Material for this exercise ->
'''
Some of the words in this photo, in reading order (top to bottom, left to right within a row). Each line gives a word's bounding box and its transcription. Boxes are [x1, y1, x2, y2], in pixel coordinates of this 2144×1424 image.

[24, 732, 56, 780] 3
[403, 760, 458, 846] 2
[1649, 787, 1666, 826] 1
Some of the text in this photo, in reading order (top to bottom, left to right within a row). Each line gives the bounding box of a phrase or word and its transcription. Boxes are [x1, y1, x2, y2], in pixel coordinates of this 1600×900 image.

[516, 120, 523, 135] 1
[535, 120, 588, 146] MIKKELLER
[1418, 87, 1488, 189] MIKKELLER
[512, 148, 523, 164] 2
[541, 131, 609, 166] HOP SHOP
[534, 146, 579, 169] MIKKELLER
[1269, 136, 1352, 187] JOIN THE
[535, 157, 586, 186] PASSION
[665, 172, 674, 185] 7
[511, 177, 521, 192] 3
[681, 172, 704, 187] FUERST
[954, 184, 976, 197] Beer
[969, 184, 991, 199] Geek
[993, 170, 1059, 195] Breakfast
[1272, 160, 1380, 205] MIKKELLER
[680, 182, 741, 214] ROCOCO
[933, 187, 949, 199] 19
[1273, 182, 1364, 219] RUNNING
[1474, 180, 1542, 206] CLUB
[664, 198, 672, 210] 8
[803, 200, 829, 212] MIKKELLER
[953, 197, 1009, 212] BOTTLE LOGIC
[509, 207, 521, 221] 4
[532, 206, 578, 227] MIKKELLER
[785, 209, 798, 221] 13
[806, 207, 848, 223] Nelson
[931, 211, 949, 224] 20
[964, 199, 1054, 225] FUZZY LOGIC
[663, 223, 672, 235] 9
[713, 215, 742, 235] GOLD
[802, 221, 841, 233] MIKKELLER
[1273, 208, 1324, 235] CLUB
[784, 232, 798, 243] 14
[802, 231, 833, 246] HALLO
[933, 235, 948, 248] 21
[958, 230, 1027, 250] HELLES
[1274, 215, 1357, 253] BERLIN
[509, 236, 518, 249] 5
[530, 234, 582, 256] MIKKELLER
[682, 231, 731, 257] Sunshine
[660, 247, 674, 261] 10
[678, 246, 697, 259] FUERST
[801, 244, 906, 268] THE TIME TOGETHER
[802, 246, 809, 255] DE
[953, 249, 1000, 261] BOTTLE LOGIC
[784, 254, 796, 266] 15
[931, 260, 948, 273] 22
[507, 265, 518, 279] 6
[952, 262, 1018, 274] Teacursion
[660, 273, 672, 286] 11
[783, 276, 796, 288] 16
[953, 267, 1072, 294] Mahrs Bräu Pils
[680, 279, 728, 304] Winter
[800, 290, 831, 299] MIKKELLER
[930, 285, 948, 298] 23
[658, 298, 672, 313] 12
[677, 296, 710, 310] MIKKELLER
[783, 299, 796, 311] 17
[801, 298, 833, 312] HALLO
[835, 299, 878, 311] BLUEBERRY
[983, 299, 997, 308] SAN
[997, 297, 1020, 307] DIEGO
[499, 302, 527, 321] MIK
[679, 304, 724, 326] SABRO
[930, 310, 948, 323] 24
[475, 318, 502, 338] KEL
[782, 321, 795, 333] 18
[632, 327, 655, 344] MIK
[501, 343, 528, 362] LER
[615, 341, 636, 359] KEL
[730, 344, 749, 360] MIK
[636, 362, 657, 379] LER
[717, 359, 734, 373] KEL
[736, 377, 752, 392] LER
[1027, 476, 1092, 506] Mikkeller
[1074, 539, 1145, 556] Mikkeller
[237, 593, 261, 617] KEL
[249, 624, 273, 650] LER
'''
Copy down every record, keeping each one exact.

Some of the words in this photo, in reading order (top to bottom, left to right within a row). Each line gives a word's bounding box and its transcription. Boxes are [x1, y1, x2, y2], in pixel coordinates of this 2144×1424 image.

[24, 732, 56, 780] 3
[403, 760, 458, 846] 2
[1649, 787, 1666, 826] 1
Some of the text in this photo, in reading order (top to bottom, left to right within a row). Each line gives the bounding box of a phrase or word and its transcription. Boxes are [x1, y1, x2, y2], in pixel coordinates of this 1600×900 image.

[516, 120, 523, 135] 1
[535, 120, 588, 146] MIKKELLER
[1418, 87, 1488, 189] MIKKELLER
[512, 148, 523, 164] 2
[541, 131, 609, 166] HOP SHOP
[534, 146, 579, 169] MIKKELLER
[1269, 136, 1352, 187] JOIN THE
[535, 157, 586, 186] PASSION
[665, 172, 674, 185] 7
[511, 177, 521, 192] 3
[681, 172, 704, 187] FUERST
[954, 184, 976, 197] Beer
[969, 184, 991, 199] Geek
[993, 170, 1059, 195] Breakfast
[1272, 160, 1380, 205] MIKKELLER
[680, 182, 741, 214] ROCOCO
[933, 187, 949, 199] 19
[1273, 182, 1364, 219] RUNNING
[1474, 180, 1542, 206] CLUB
[664, 198, 672, 210] 8
[803, 200, 829, 212] MIKKELLER
[953, 197, 1009, 212] BOTTLE LOGIC
[509, 207, 521, 221] 4
[532, 206, 578, 227] MIKKELLER
[785, 209, 798, 221] 13
[806, 207, 848, 223] Nelson
[931, 211, 949, 224] 20
[964, 199, 1054, 225] FUZZY LOGIC
[663, 223, 672, 235] 9
[713, 215, 742, 235] GOLD
[802, 221, 841, 233] MIKKELLER
[1273, 208, 1324, 235] CLUB
[784, 232, 798, 243] 14
[802, 231, 833, 246] HALLO
[933, 235, 948, 248] 21
[958, 230, 1027, 250] HELLES
[1274, 215, 1357, 253] BERLIN
[509, 236, 518, 249] 5
[530, 234, 582, 256] MIKKELLER
[682, 231, 731, 257] Sunshine
[660, 247, 674, 261] 10
[678, 246, 697, 259] FUERST
[801, 244, 906, 268] THE TIME TOGETHER
[802, 246, 809, 255] DE
[953, 249, 1000, 261] BOTTLE LOGIC
[784, 254, 796, 266] 15
[931, 260, 948, 273] 22
[507, 265, 518, 279] 6
[952, 262, 1018, 274] Teacursion
[660, 273, 672, 286] 11
[783, 276, 796, 288] 16
[953, 267, 1072, 294] Mahrs Bräu Pils
[680, 279, 728, 304] Winter
[800, 290, 831, 299] MIKKELLER
[930, 285, 948, 298] 23
[658, 298, 672, 313] 12
[677, 296, 710, 310] MIKKELLER
[783, 299, 796, 311] 17
[801, 298, 833, 312] HALLO
[835, 299, 878, 311] BLUEBERRY
[983, 299, 997, 308] SAN
[997, 297, 1020, 307] DIEGO
[499, 302, 527, 321] MIK
[679, 304, 724, 326] SABRO
[930, 310, 948, 323] 24
[475, 318, 502, 338] KEL
[782, 321, 795, 333] 18
[632, 327, 655, 344] MIK
[501, 343, 528, 362] LER
[615, 341, 636, 359] KEL
[730, 344, 749, 360] MIK
[636, 362, 657, 379] LER
[717, 359, 734, 373] KEL
[736, 377, 752, 392] LER
[1027, 476, 1092, 506] Mikkeller
[1074, 539, 1145, 556] Mikkeller
[237, 593, 261, 617] KEL
[249, 624, 273, 650] LER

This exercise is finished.